The rebasing and Binding will determine whether the prebinding has been made before. If pre-binding (prebinding) is already in place, then the fix-up process of rebasing and binding is not required because the pre-bound address is already loaded.
There are five reasons why a Imageloadermacho instance does not use pre-binding:
Mach-o Header in Mh_prebound flag bit is 0
The image load address has an offset (as described later)
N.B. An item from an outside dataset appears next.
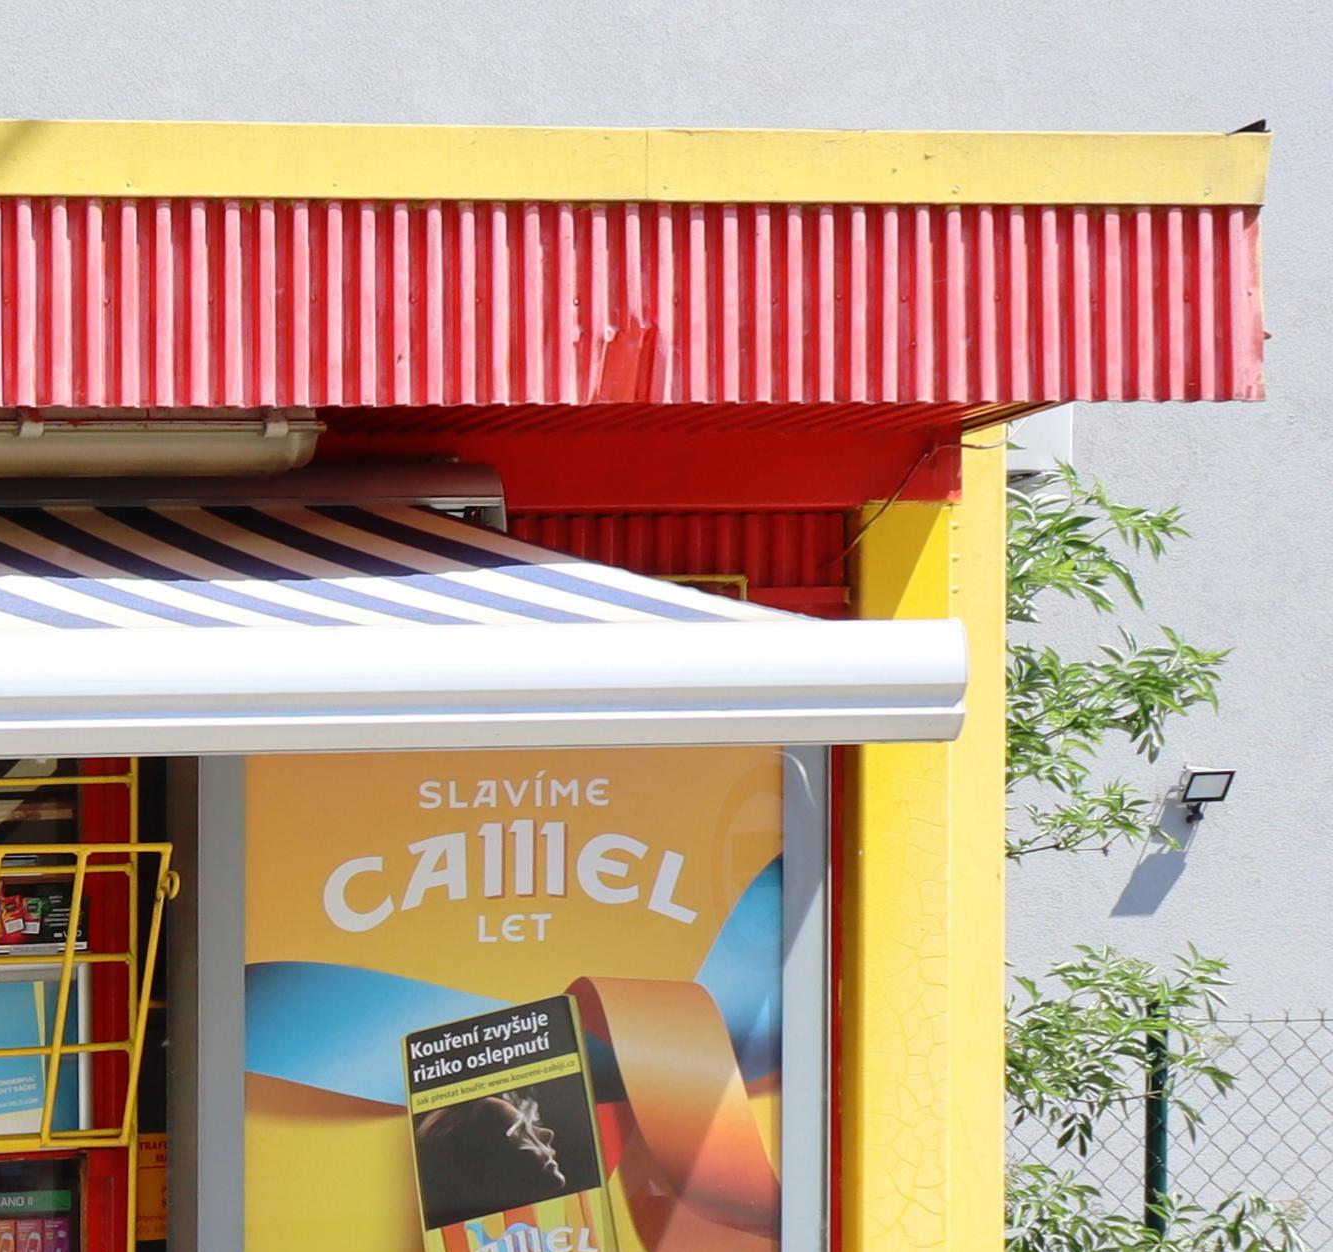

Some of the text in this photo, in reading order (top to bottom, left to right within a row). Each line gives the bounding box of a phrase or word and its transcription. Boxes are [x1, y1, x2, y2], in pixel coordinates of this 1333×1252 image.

[418, 770, 611, 809] SLAVÍME
[477, 912, 553, 943] LET
[409, 1010, 550, 1061] Kouření zvyšuje
[412, 1031, 551, 1084] riziko oslepnutí
Changes to dependent libraries
Mirroring uses flat-namespace, a portion of the pre-binding is ignored
Linkcontext environment variables prohibit pre-binding
The things dorebase () do in Imageloadermacho are roughly as follows:
If pre-binding is used, the fgimageswithusedprebinding count is added one, and return; otherwise enter the second step
If the MH_PREBOUND flag bit is 1 (that is, it can be pre-bound but not used) and is mirrored in shared memory, resets all the lazy pointer in the context. (If the image is in shared memory, it will be bound later in the binding process, so there is no need to reset)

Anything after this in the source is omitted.